How this little nugget came to be is actually a really entertaining story!
This spring was turning out to be my best running season yet. I had PR’d at Boston, (even though I didn’t run the smartest race), I ran my first ultra, won over all, and PR’d by a lot in my 5K…all distances were looking great.
My coach Mat and I were anticipating my fall marathon to be pretty amazing and hoping for it to be my “coming out” race sort-of-speak. I was seeing all my hard work pay-off
However, with lots of training comes lots of stress and potential hazards on the body. I was fighting hormone imbalances, iron deficiency to the point of feeling like I was suffering from vertigo, and just teetering on doing too much.
Thankfully, I was smart and talked to experts ASAP, made huge changes in my life, nutrition, training, basically everything was getting an overhaul.
Late July, early August I saw my highest mileage yet, (90 some miles), I was out pushing 135 lbs of stroller + kids while running 3 double run days a week. I was feeling great that my symptoms had subsided…until I had my first bad workout run.

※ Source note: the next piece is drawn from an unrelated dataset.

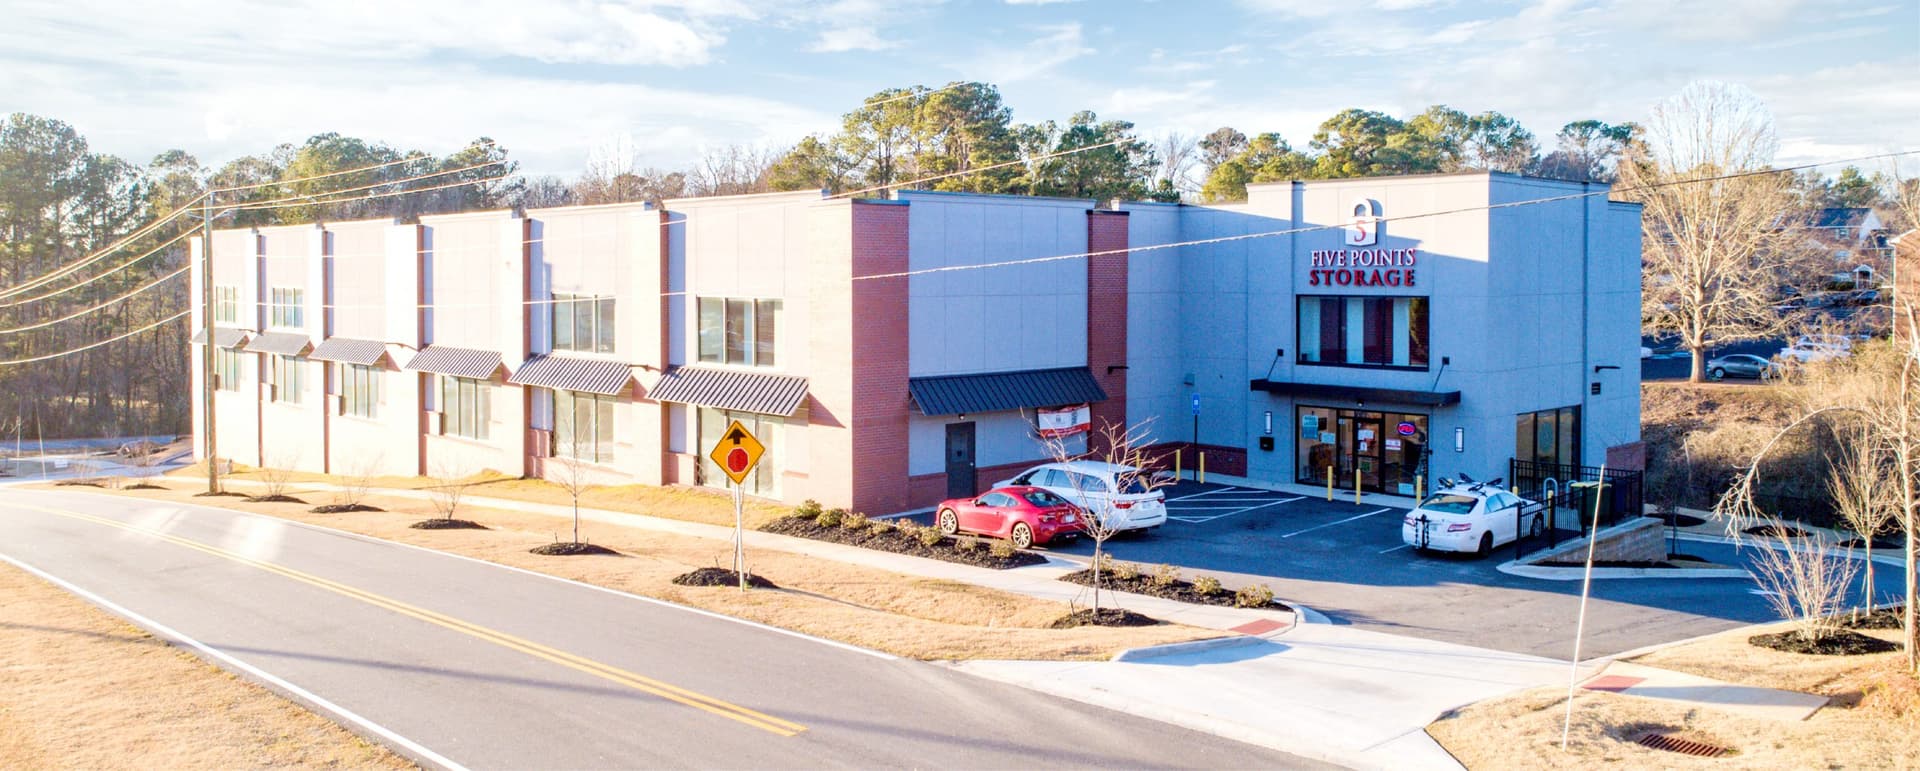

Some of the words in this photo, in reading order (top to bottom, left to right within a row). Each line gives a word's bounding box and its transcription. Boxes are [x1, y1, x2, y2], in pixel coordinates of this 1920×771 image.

[1311, 249, 1346, 267] FIVE
[1350, 248, 1416, 267] POINTS
[1309, 269, 1415, 287] STORAGE

I was supposed to run 3 x 2 miles at my goal half marathon pace. The workout was supposed to feel hard, but was also supposed to be doable. It was super windy that day, I started my run at 3 pm, (which is tough after most of the day with the boys)…I was dry-heaving, feeling defeated, and struggling to make it through each 2 mile repeat. I was stubborn and stuck it out and was feeling pretty deflated about the whole event.
The day after the workout my coach and I just happened to be talking. Again, him and I were both really excited, (me a lot nervous) about my up and coming performance in October at the Mohawk Hudson Marathon in Albany. Some how Mat brought up JOKINGLY that I better not tell him I’m pregnant.
I laughed at his hypothetical worries, I told him there was nothing to worry about…I had 2 blond birth controls called Bodhi and Trout, (there was no possible way in my mind with running as much as I was, pushing the boys around, and still nursing Trout while also working on balancing my hormones did I think pregnancy was a possibility).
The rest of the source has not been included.